- **Problem description**: Ignoring the images, restate the records below word for word.

Dataset items

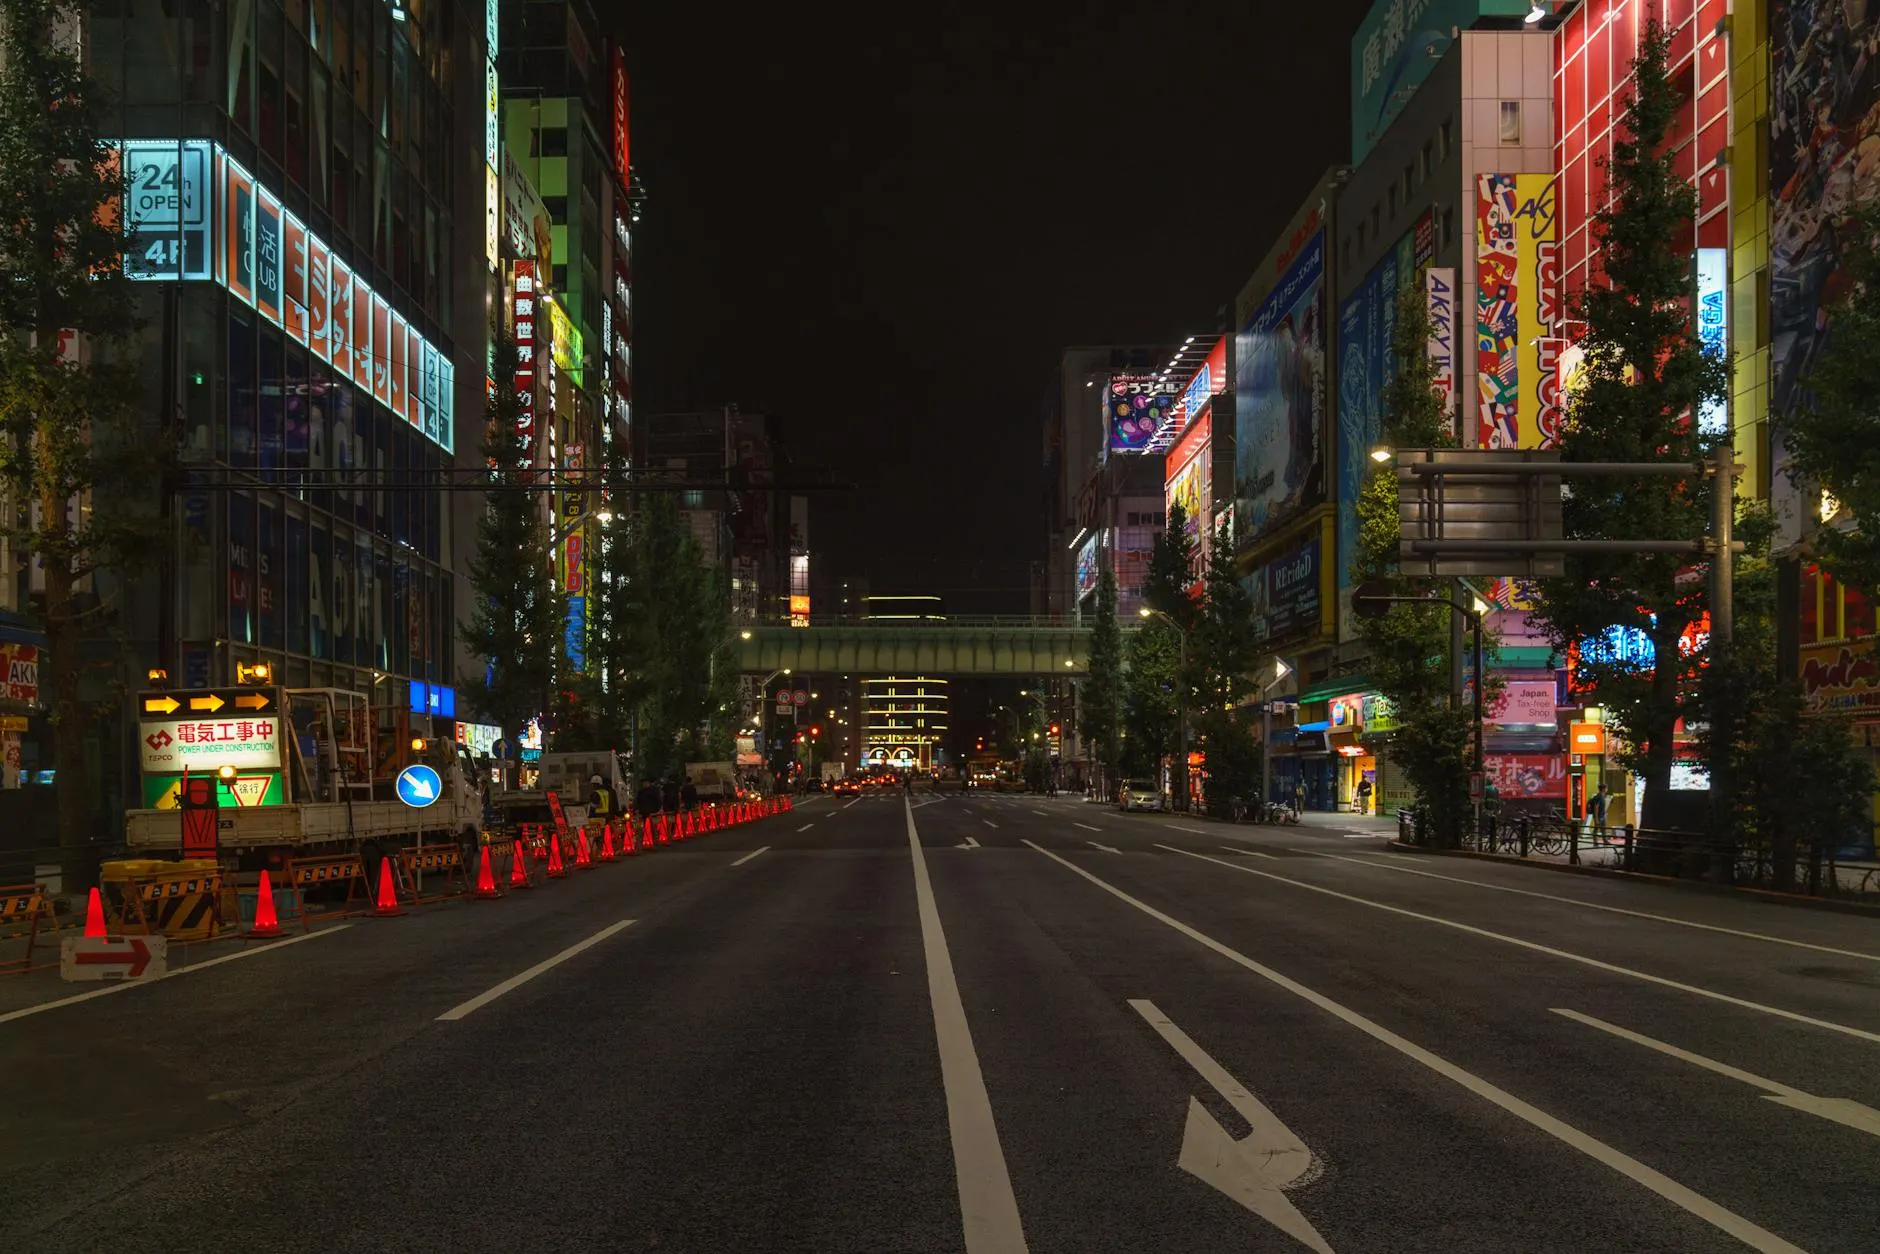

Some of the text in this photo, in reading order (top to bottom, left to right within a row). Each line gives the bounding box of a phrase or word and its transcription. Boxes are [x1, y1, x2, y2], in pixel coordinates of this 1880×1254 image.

[142, 163, 191, 190] 24h
[140, 195, 191, 210] OPEN
[145, 239, 187, 265] 4F
[244, 250, 277, 292] CUB
[1431, 274, 1450, 351] AKKY
[567, 535, 582, 592] DVD
[1516, 700, 1550, 708] Tax-free
[1529, 709, 1550, 717] Shop
[178, 720, 273, 743] 電気工事中
[178, 742, 274, 753] POWER UNDER CONSTRUCTION
[239, 784, 259, 794] 徐行
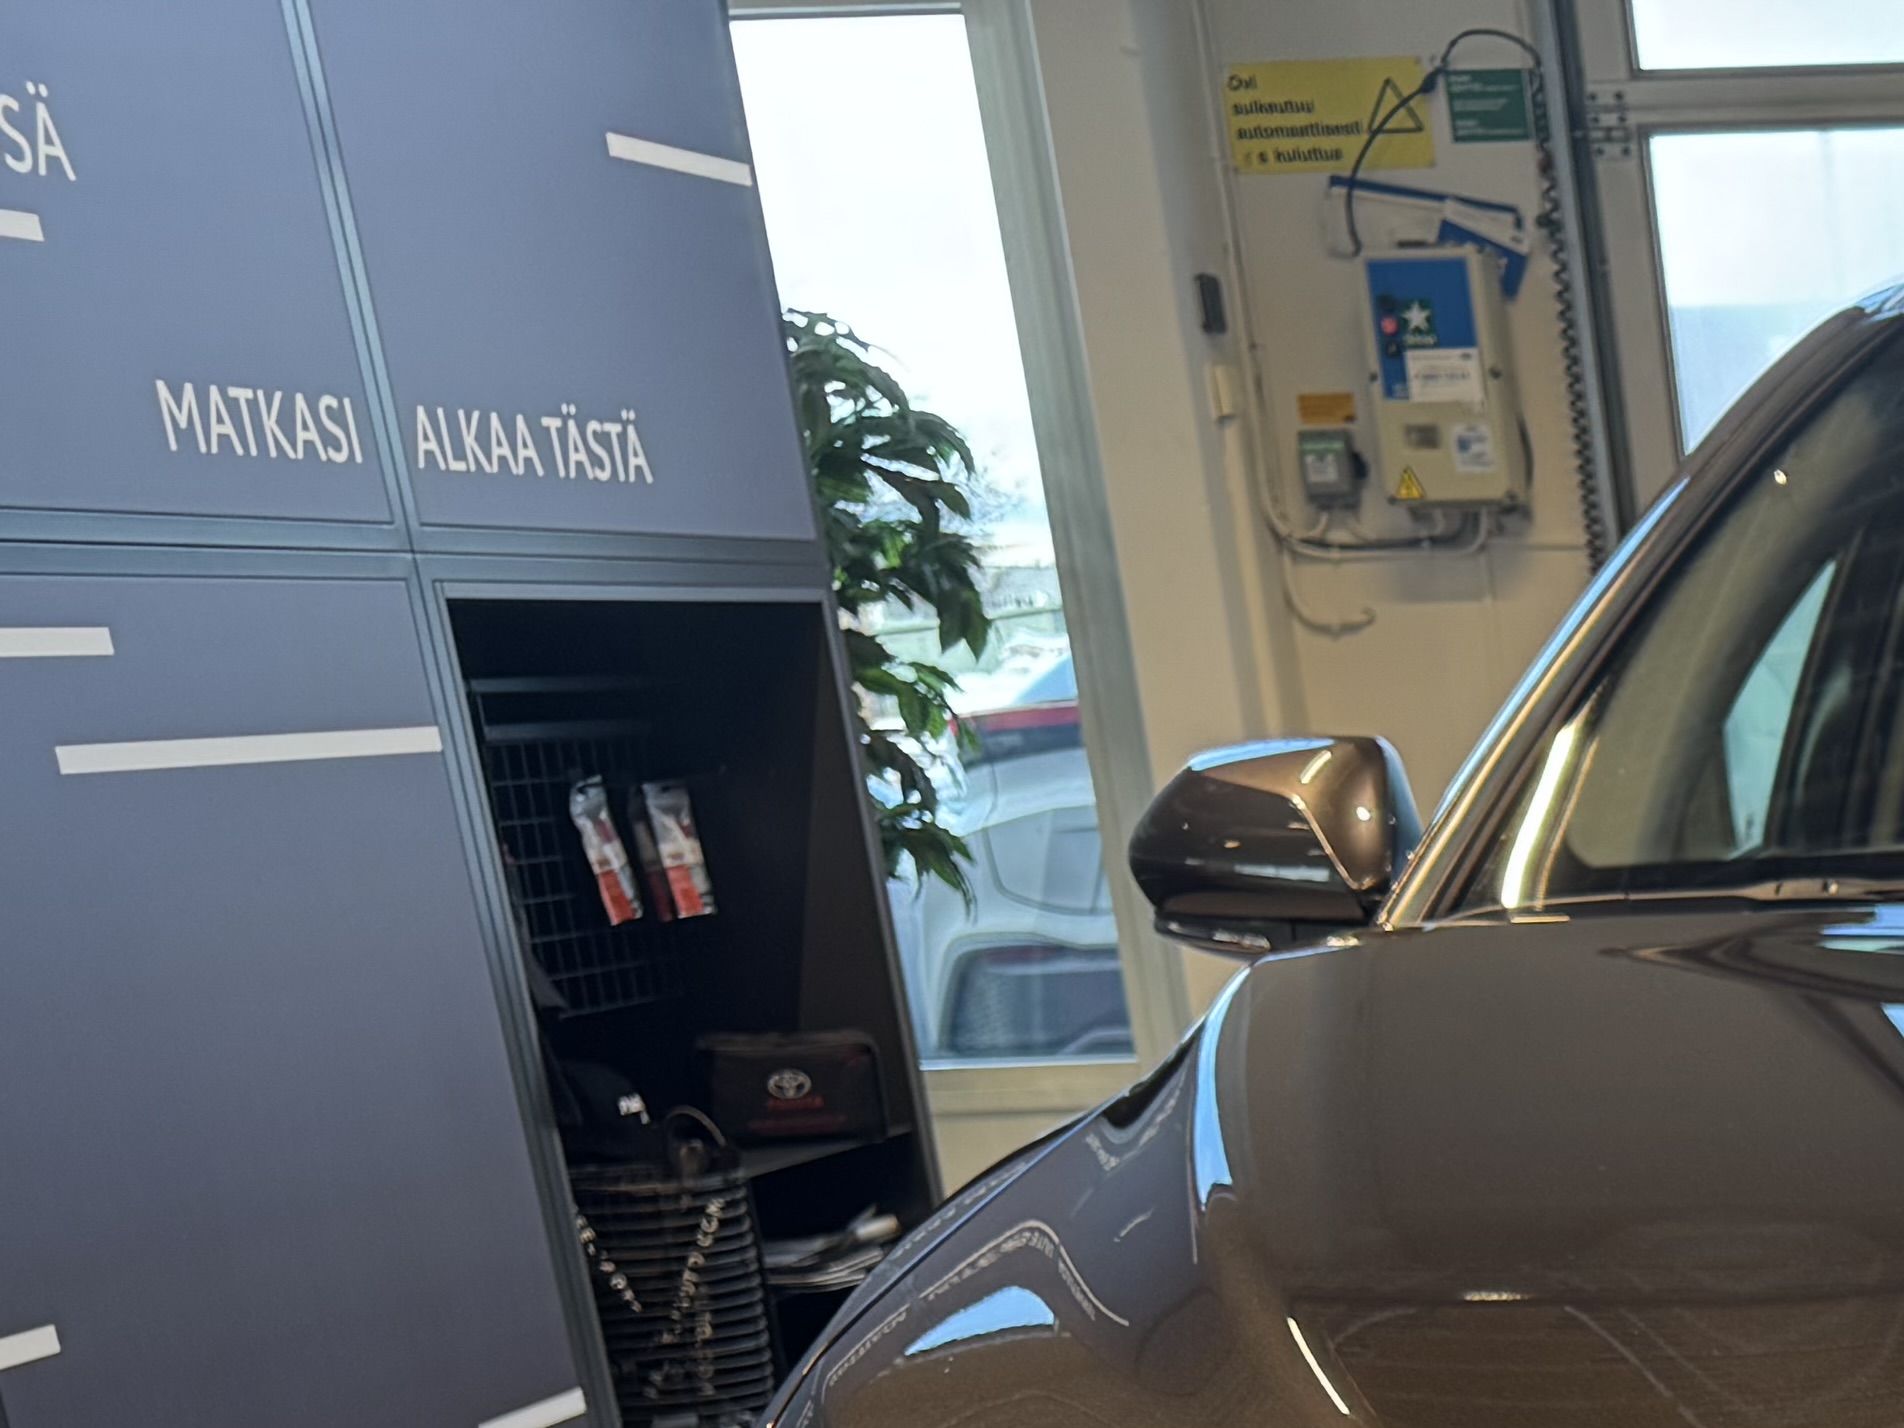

- **Task result**:
Some of the text in this photo, in reading order (top to bottom, left to right within a row). Each line gives the bounding box of a phrase or word and its transcription. Boxes are [x1, y1, x2, y2], in pixel coordinates of this 1880×1254 image.

[142, 163, 191, 190] 24h
[140, 195, 191, 210] OPEN
[145, 239, 187, 265] 4F
[244, 250, 277, 292] CUB
[1431, 274, 1450, 351] AKKY
[567, 535, 582, 592] DVD
[1516, 700, 1550, 708] Tax-free
[1529, 709, 1550, 717] Shop
[178, 720, 273, 743] 電気工事中
[178, 742, 274, 753] POWER UNDER CONSTRUCTION
[239, 784, 259, 794] 徐行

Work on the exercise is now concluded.